Chapter 7 Antibiotic resistance analysis

7.0.1 Nº of MAGs with AMRs

# AMR presence/absence
amr_presence <- genome_annotations %>%
  filter(mag_id != "GCA_015060925.1") %>%   # remove weird MAG
  filter(resistance_type == "AMR") %>%
  dplyr::select(mag_id, resistance_target) %>%
  distinct() 

#Add the source info
amr_with_source <- amr_presence %>%
  left_join(
    genome_metadata %>% dplyr::select(ID, source),
    by = c("mag_id" = "ID")
  )

# Count how many MAGs in each AMR
amr_mag_counts <- amr_with_source %>%
  group_by(source, resistance_target) %>%
  summarise(
    n_mags = n(),
    .groups = "drop"
  )

#Count total MAGs per source (except the outlier)
total_mags_per_source <- genome_metadata %>%
  filter(ID != "GCA_015060925.1") %>%
  group_by(source) %>%
  summarise(
    total_mags = n_distinct(ID),
    .groups = "drop"
  )

#Calculate proportions of MAGs from each source in each AMR
amr_mag_proportions <- amr_mag_counts %>%
  left_join(total_mags_per_source, by = "source") %>%
  mutate(
    proportion = n_mags / total_mags,
    absent = total_mags - n_mags
  )

7.0.1.1 Statistical testing of MAG proportions

fisher_results <- amr_mag_proportions %>%
  dplyr::select(resistance_target, source, n_mags, absent) %>%
  pivot_wider(
    names_from = source,
    values_from = c(n_mags, absent),
    values_fill = 0
  ) %>%
  rowwise() %>%
  mutate(
    p_value = fisher.test(
      matrix(
        c(n_mags_EHI,  absent_EHI,
          n_mags_GTDB, absent_GTDB),
        nrow = 2,
        byrow = TRUE
      )
    )$p.value
  ) %>%
  ungroup() %>%
  mutate(p_adj = p.adjust(p_value, method = "BH"))

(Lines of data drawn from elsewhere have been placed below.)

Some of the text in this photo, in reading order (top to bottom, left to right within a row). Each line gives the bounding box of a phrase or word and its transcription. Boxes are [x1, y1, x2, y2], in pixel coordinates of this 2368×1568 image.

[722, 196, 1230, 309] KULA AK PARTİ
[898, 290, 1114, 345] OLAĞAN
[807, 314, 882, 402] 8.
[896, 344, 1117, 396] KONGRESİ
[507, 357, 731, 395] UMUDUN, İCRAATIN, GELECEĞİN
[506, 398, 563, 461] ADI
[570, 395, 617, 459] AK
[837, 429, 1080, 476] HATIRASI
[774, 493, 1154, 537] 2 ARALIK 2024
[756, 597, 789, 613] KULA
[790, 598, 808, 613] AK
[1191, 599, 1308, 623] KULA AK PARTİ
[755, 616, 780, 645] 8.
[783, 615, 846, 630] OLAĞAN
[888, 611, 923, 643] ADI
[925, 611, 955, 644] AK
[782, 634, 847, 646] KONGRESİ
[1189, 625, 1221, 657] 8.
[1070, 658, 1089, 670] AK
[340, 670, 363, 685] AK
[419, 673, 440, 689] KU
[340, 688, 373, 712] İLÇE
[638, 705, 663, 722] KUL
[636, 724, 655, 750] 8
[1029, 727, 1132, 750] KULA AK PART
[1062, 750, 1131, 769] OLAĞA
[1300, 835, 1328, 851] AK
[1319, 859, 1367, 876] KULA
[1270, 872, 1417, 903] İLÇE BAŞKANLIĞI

fisher_results <- fisher_results %>%
  mutate(
    prop_EHI  = n_mags_EHI  / (n_mags_EHI  + absent_EHI),
    prop_GTDB = n_mags_GTDB / (n_mags_GTDB + absent_GTDB),
    diff_prop = prop_GTDB - prop_EHI
  )

fisher_results%>% filter(p_adj < 0.05)

# A tibble: 0 × 10
# ℹ 10 variables: resistance_target <chr>, n_mags_EHI <int>, n_mags_GTDB <int>, absent_EHI <int>, absent_GTDB <int>, p_value <dbl>,
#   p_adj <dbl>, prop_EHI <dbl>, prop_GTDB <dbl>, diff_prop <dbl>

7.1 Building an AMR abundance table

# select the AMR annotations
amr_abundance <- genome_annotations %>%
  filter(resistance_type == "AMR") %>%
  group_by(mag_id, resistance_target) %>%
  summarise(count = n(), .groups="drop") %>%
  tidyr::pivot_wider(
    names_from = resistance_target,
    values_from = count,
    values_fill = 0
  )

amr_cluster <- amr_abundance %>%
  dplyr::full_join(metadata_with_cluster, by= join_by(mag_id == ID))

amr_cluster %>%
  dplyr::select("BETA-LACTAM", "MACROLIDE", mag_id, cluster) %>%
  group_by( cluster) %>%
  summarise(mean_beta_lactam = mean(`BETA-LACTAM`, na.rm = TRUE),
            mean_macrolide = mean(MACROLIDE, na.rm = TRUE))

# A tibble: 4 × 3
  cluster mean_beta_lactam mean_macrolide
  <fct>              <dbl>          <dbl>
1 1                   9.64           14.9
2 2                  10.6            16.1
3 3                   9.5            14.9
4 4                  10.4            14.4

amr_matrix <- amr_abundance %>%
  column_to_rownames("mag_id") %>%
  as.matrix()

# Abundance heatmap
min_val <- min(amr_matrix, na.rm = TRUE)
max_val <- max(amr_matrix, na.rm = TRUE)

colors <- viridis(100, option = "viridis")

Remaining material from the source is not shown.